* ASSIGNED TASK *
Each line below should be repeated exactly as written, with no pictures carried over.

(Annotated photo localization data)
****************************************

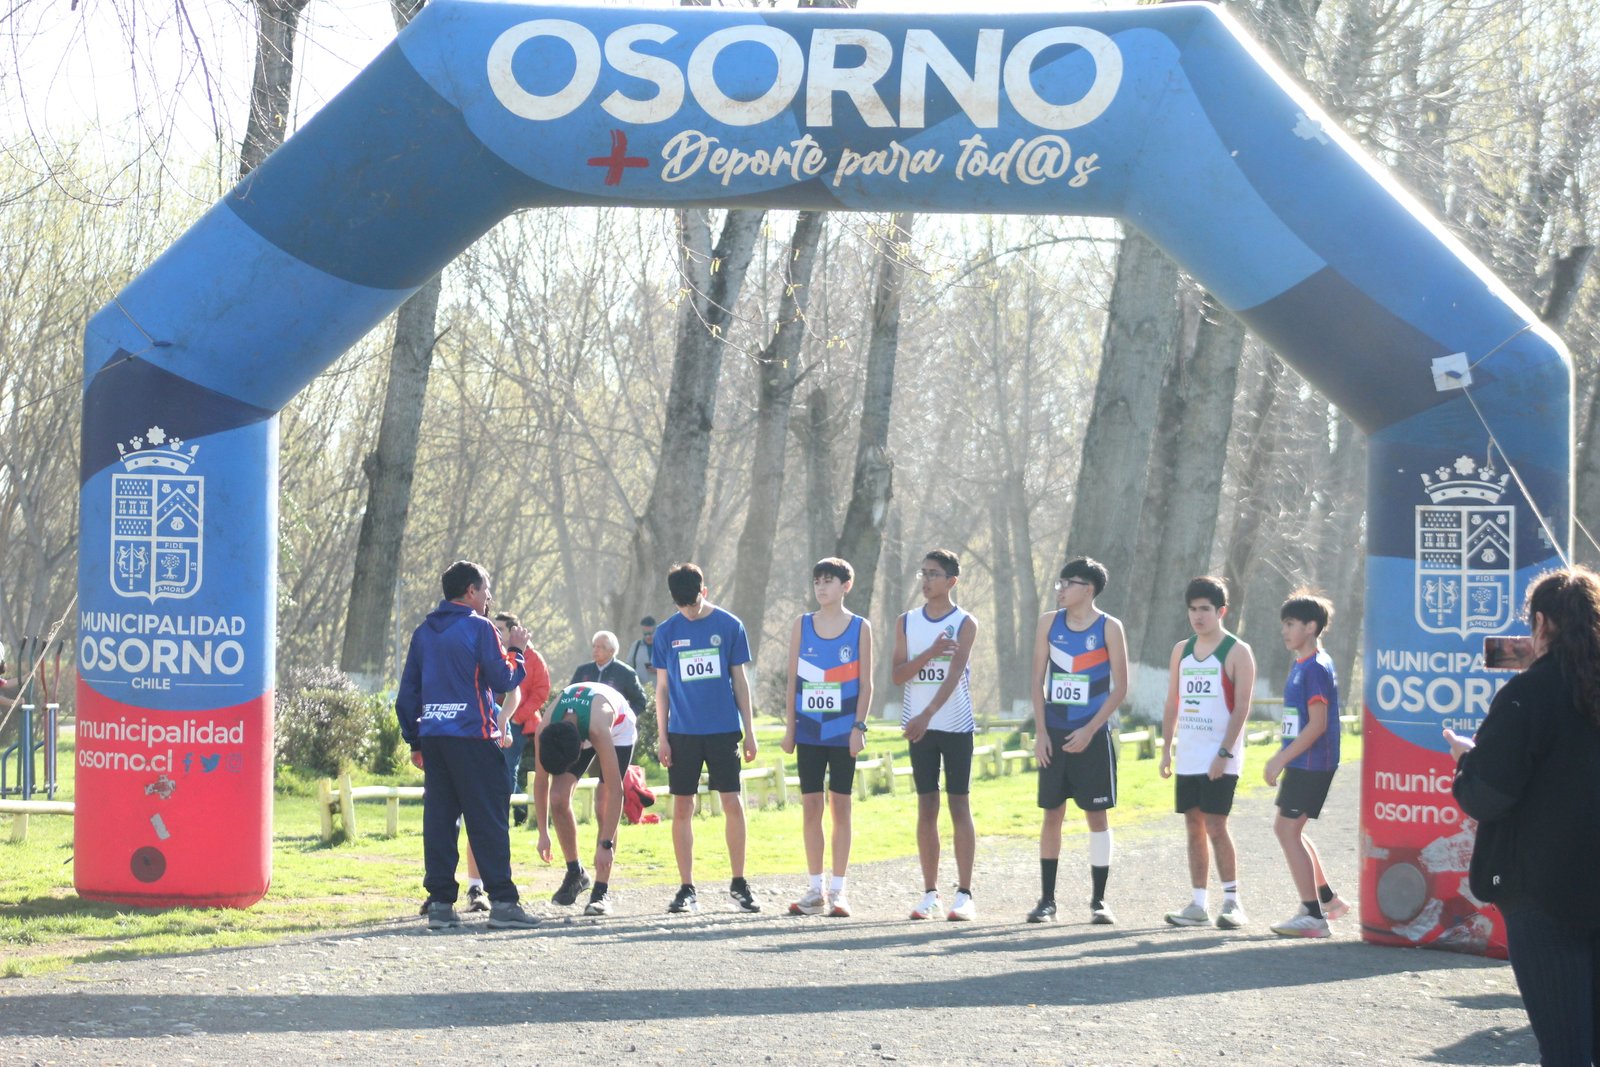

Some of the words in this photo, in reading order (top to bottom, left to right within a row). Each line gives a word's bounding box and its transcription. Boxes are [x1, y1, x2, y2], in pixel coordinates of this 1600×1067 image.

[487, 18, 1123, 130] OSORNO
[661, 129, 826, 186] Deporte
[833, 140, 944, 187] para
[955, 133, 1101, 188] tod@s
[157, 585, 186, 593] AMORE
[81, 611, 246, 636] MUNICIPALIDAD
[1469, 620, 1498, 628] AMORE
[81, 635, 244, 675] OSORNO
[1376, 649, 1518, 673] MUNICIPA
[687, 661, 714, 676] 004
[918, 668, 945, 681] 003
[131, 677, 171, 690] CHILE
[1186, 680, 1211, 693] 002
[1056, 686, 1081, 700] 005
[808, 696, 834, 709] 006
[79, 717, 244, 748] municipalidad
[79, 749, 173, 772] osorno.cl
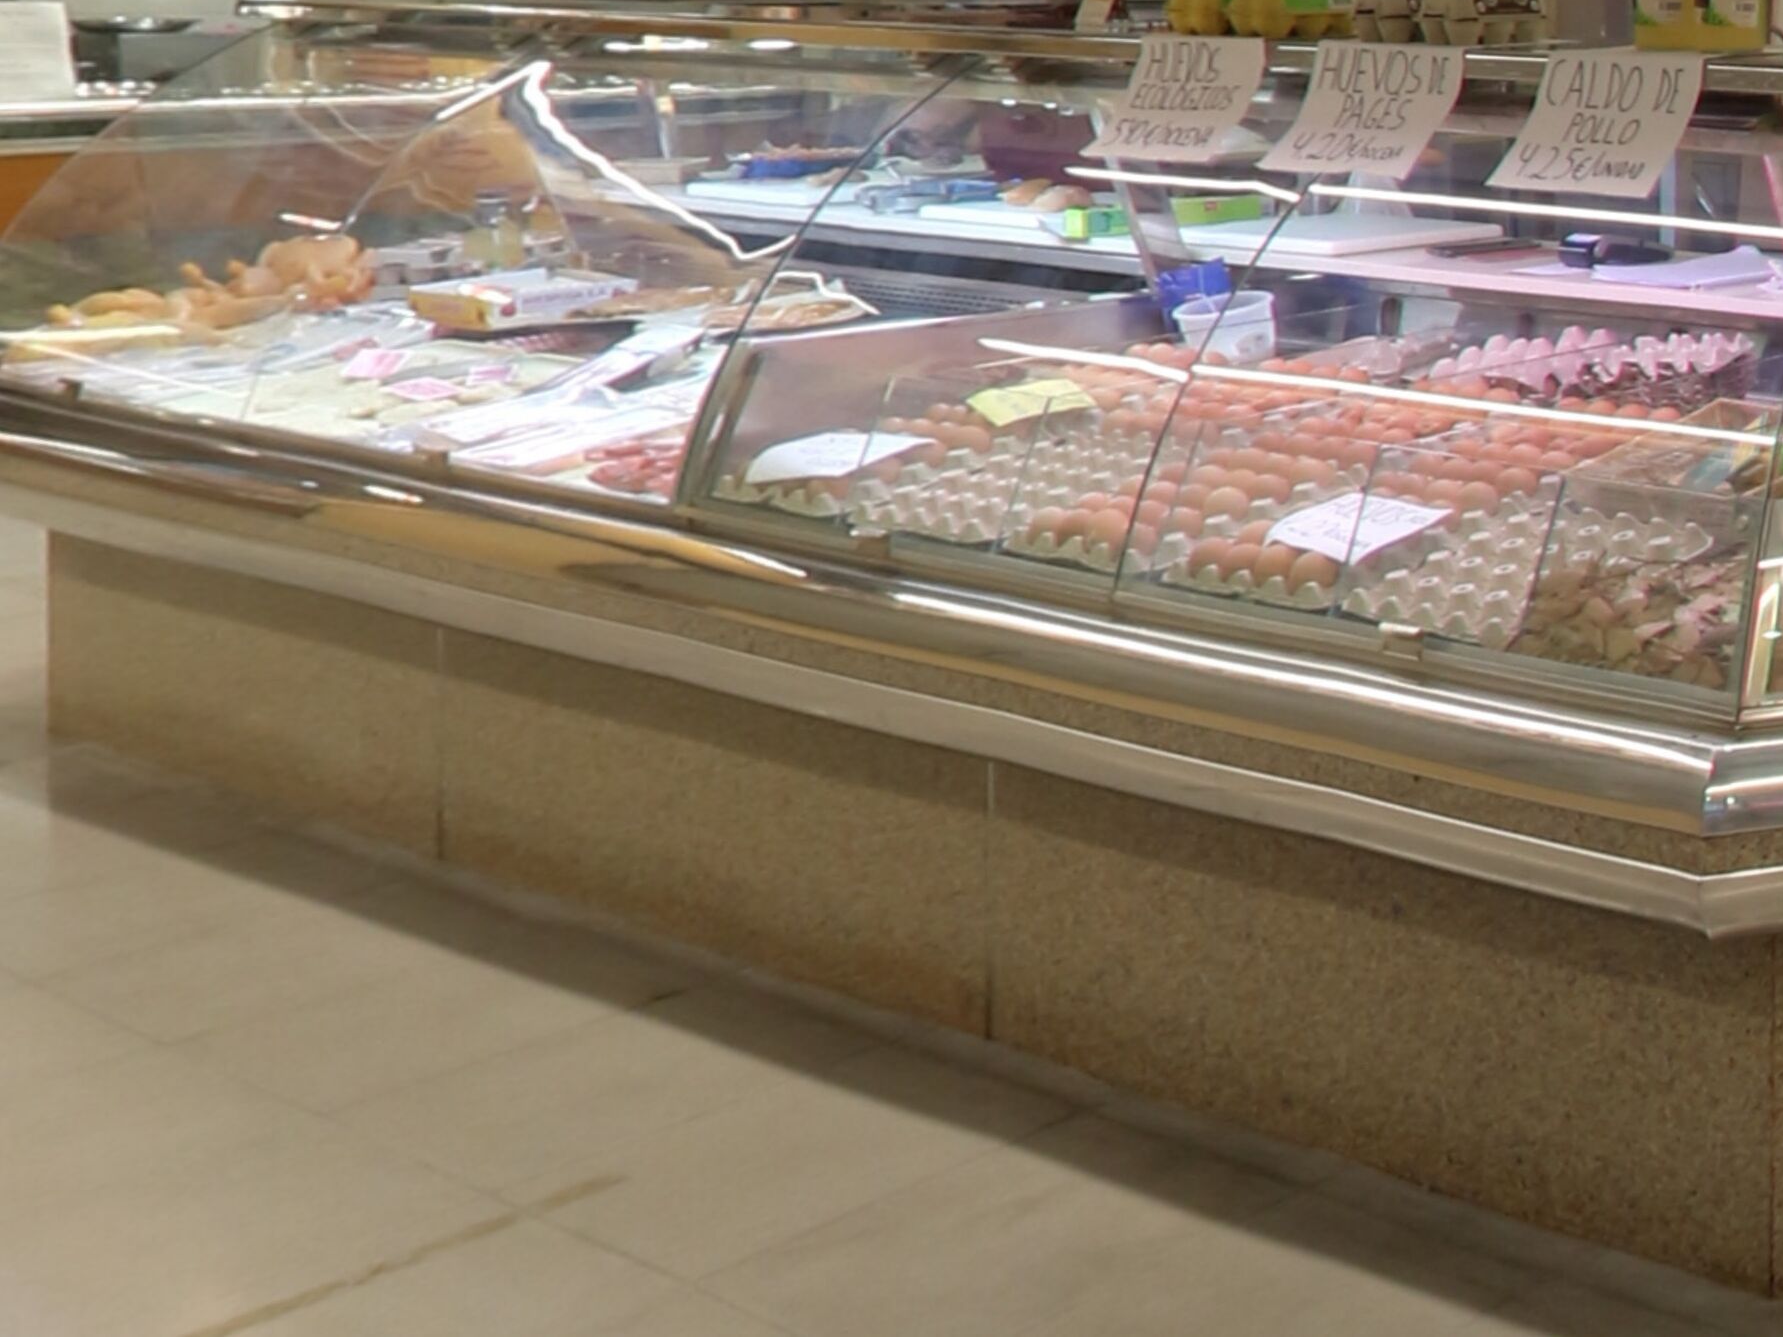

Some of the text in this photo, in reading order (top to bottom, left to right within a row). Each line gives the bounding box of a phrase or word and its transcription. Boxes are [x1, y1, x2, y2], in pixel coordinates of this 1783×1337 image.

[1317, 47, 1450, 96] HUEVOS DE
[1546, 59, 1685, 114] CALDO DE
[1562, 112, 1642, 145] POLLO
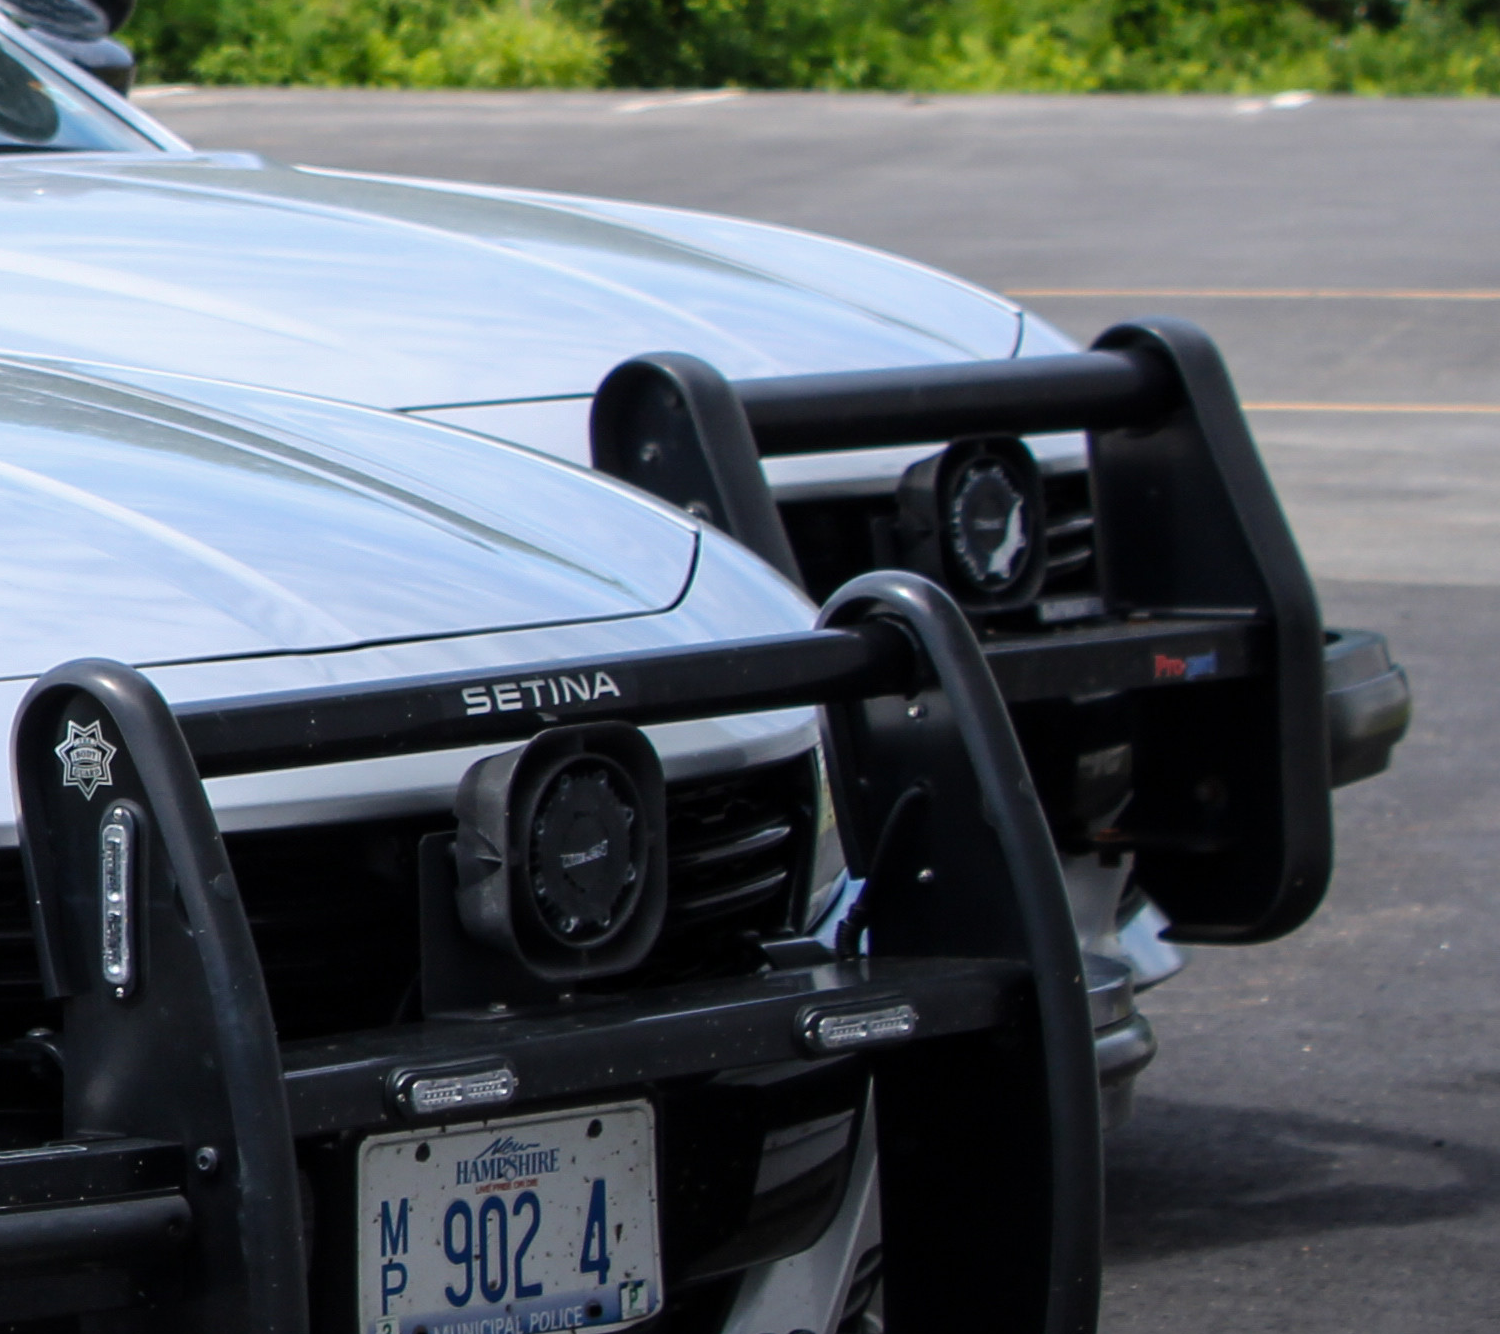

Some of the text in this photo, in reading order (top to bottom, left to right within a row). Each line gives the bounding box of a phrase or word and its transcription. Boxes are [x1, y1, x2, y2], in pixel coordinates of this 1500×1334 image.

[461, 671, 621, 716] SETINA
[475, 1136, 540, 1160] New
[456, 1148, 560, 1185] HAMPSHIRE
[528, 1305, 584, 1332] POLICE
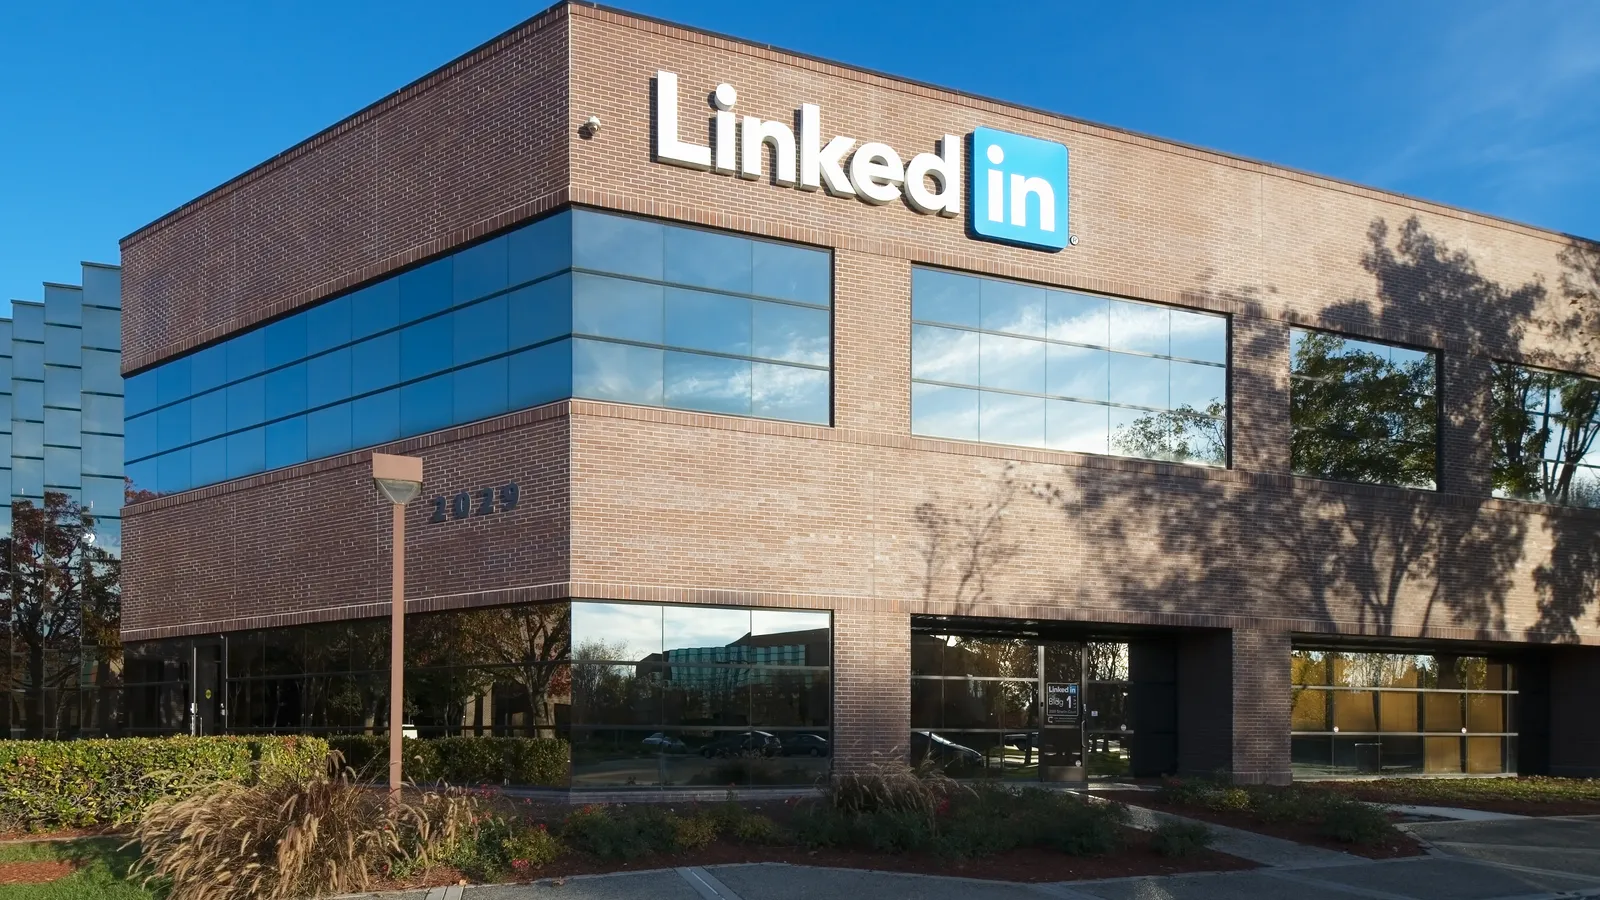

****************************************

* ANSWER SPACE *
Some of the words in this photo, in reading order (top to bottom, left to right within a row). Each line gives a word's bounding box and its transcription. Boxes are [x1, y1, x2, y2], in pixel coordinates of this 1600×1067 image.

[487, 18, 1123, 130] OSORNO
[661, 129, 826, 186] Deporte
[833, 140, 944, 187] para
[955, 133, 1101, 188] tod@s
[157, 585, 186, 593] AMORE
[81, 611, 246, 636] MUNICIPALIDAD
[1469, 620, 1498, 628] AMORE
[81, 635, 244, 675] OSORNO
[1376, 649, 1518, 673] MUNICIPA
[687, 661, 714, 676] 004
[918, 668, 945, 681] 003
[131, 677, 171, 690] CHILE
[1186, 680, 1211, 693] 002
[1056, 686, 1081, 700] 005
[808, 696, 834, 709] 006
[79, 717, 244, 748] municipalidad
[79, 749, 173, 772] osorno.cl

Some of the text in this photo, in reading order (top to bottom, left to right within a row). Each line gives the bounding box of a phrase or word and its transcription. Boxes are [x1, y1, x2, y2], in pixel coordinates of this 1783×1337 image.

[1317, 47, 1450, 96] HUEVOS DE
[1546, 59, 1685, 114] CALDO DE
[1562, 112, 1642, 145] POLLO

Some of the text in this photo, in reading order (top to bottom, left to right within a row). Each line gives the bounding box of a phrase or word and its transcription. Boxes are [x1, y1, x2, y2], in pixel coordinates of this 1500×1334 image.

[461, 671, 621, 716] SETINA
[475, 1136, 540, 1160] New
[456, 1148, 560, 1185] HAMPSHIRE
[528, 1305, 584, 1332] POLICE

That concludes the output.